__To do__:
All pictures must be dropped, while the entries are given again word for word.

__Records shown__:
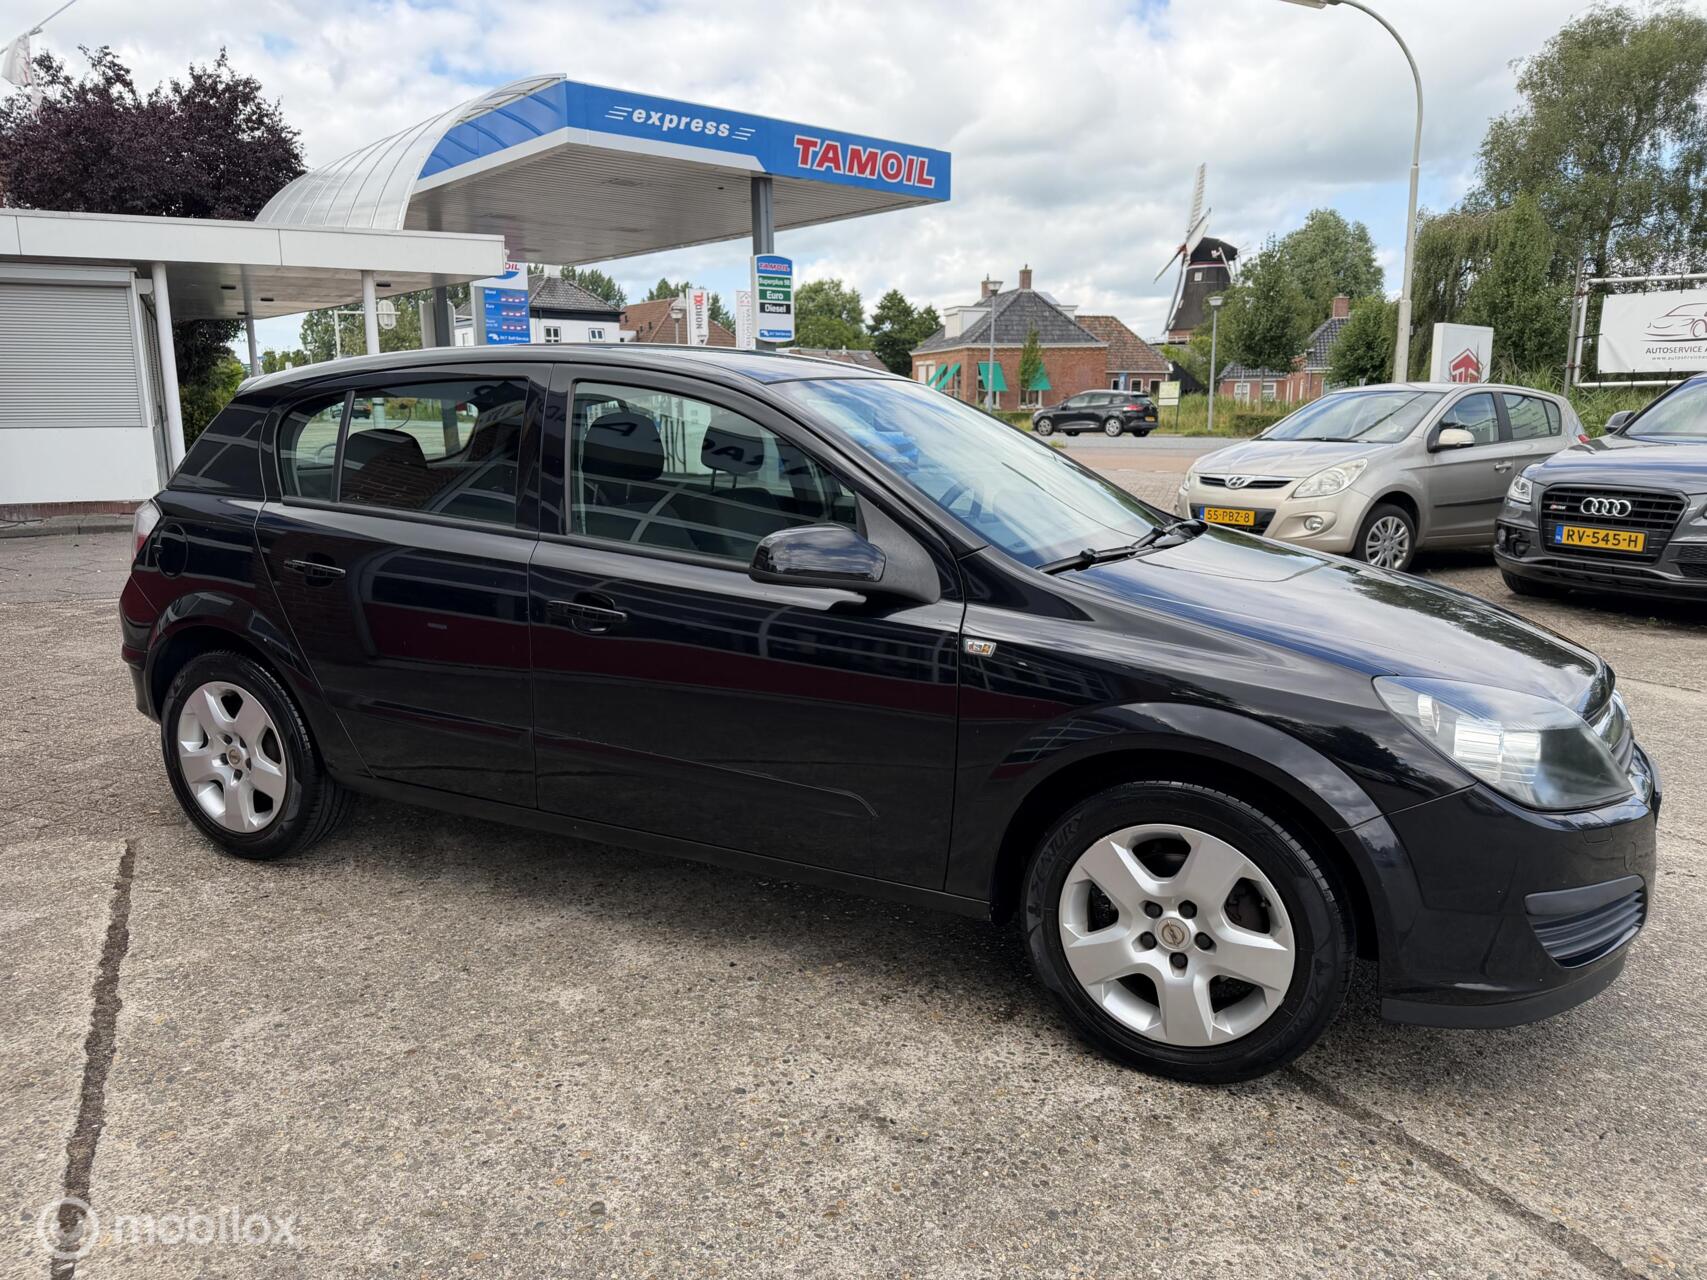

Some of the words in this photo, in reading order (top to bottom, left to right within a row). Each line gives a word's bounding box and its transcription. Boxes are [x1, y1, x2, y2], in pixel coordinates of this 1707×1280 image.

[632, 107, 730, 137] express
[794, 135, 935, 188] TAMOIL
[766, 291, 784, 300] Euro
[764, 304, 787, 313] Diesel
[1645, 346, 1703, 354] AUTOSERVICE
[1207, 509, 1250, 522] 55-PBZ-8
[1566, 528, 1639, 549] RV-545-H
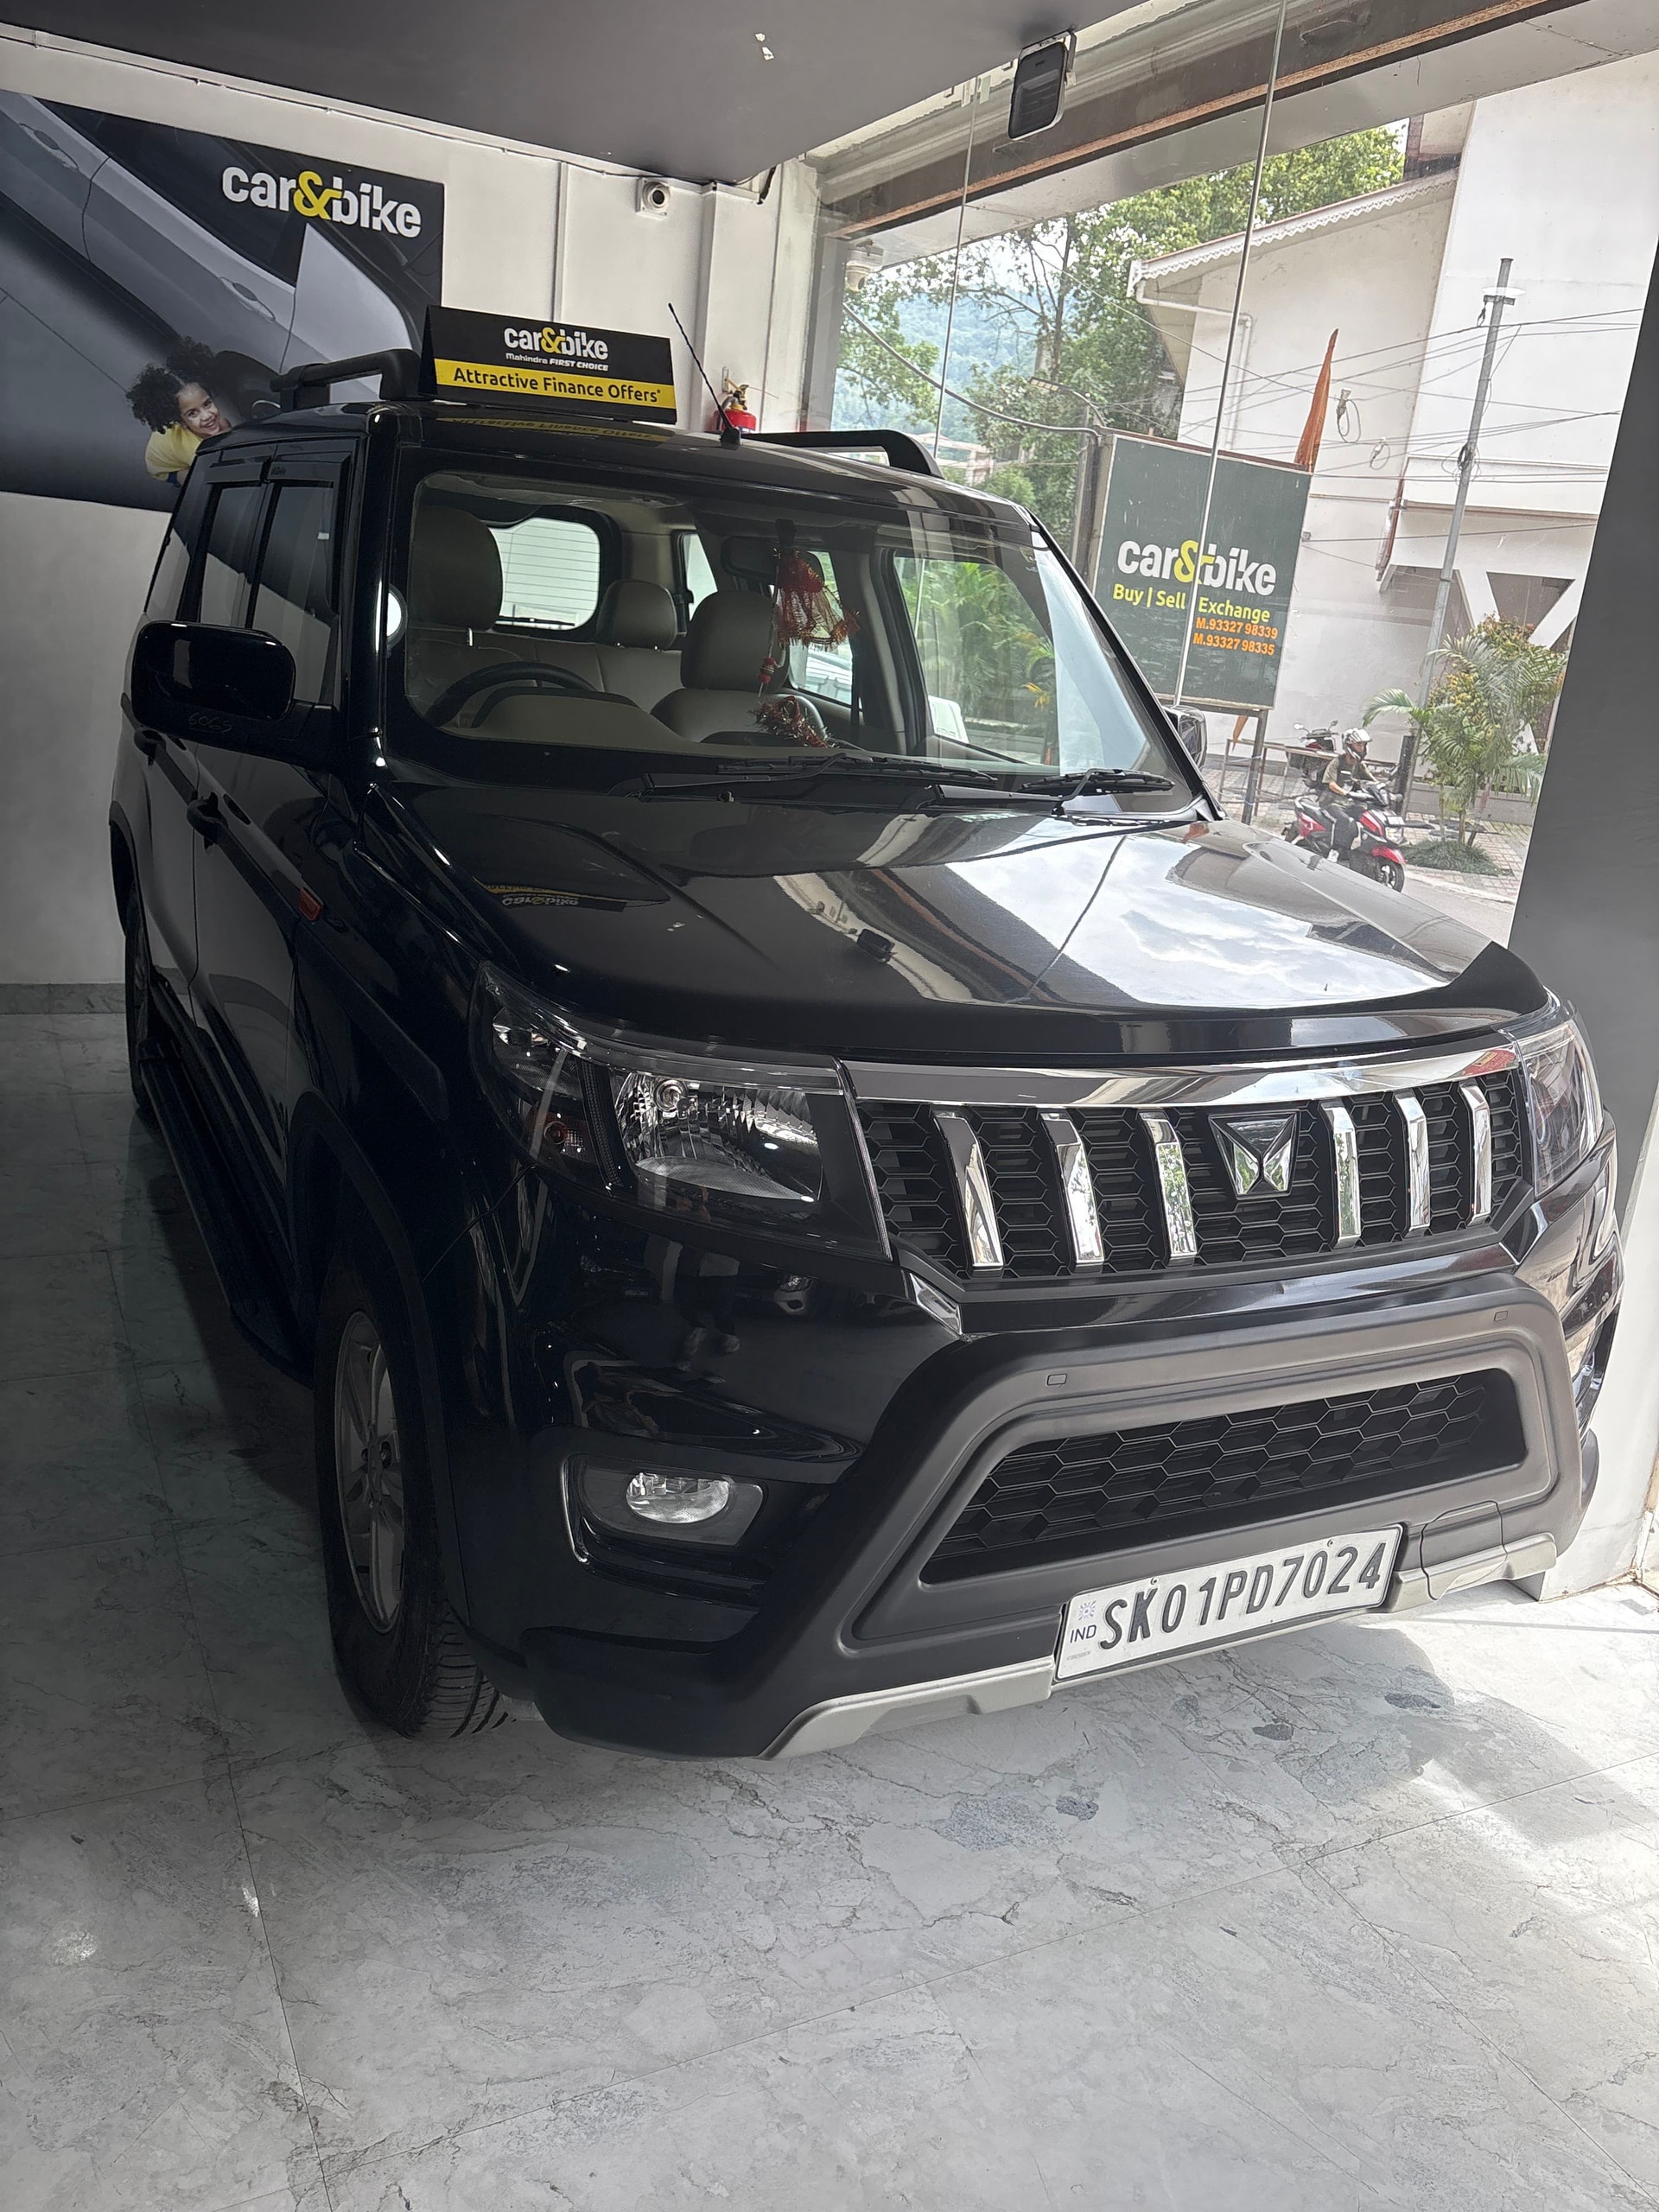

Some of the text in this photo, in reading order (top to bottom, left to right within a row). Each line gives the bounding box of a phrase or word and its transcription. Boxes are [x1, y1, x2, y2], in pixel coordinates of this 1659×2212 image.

__Reply to the exercise__:
Some of the words in this photo, in reading order (top to bottom, left to right within a row). Each line gives a word's bounding box and its transcription. Boxes are [x1, y1, x2, y2], in pixel coordinates of this 1707×1280 image.

[632, 107, 730, 137] express
[794, 135, 935, 188] TAMOIL
[766, 291, 784, 300] Euro
[764, 304, 787, 313] Diesel
[1645, 346, 1703, 354] AUTOSERVICE
[1207, 509, 1250, 522] 55-PBZ-8
[1566, 528, 1639, 549] RV-545-H

Some of the text in this photo, in reading order (top to bottom, left to right within a row). Each line gives the bounding box of a phrase or word and its transcription. Boxes are [x1, y1, x2, y2], in pixel coordinates of this 1659×2212 image.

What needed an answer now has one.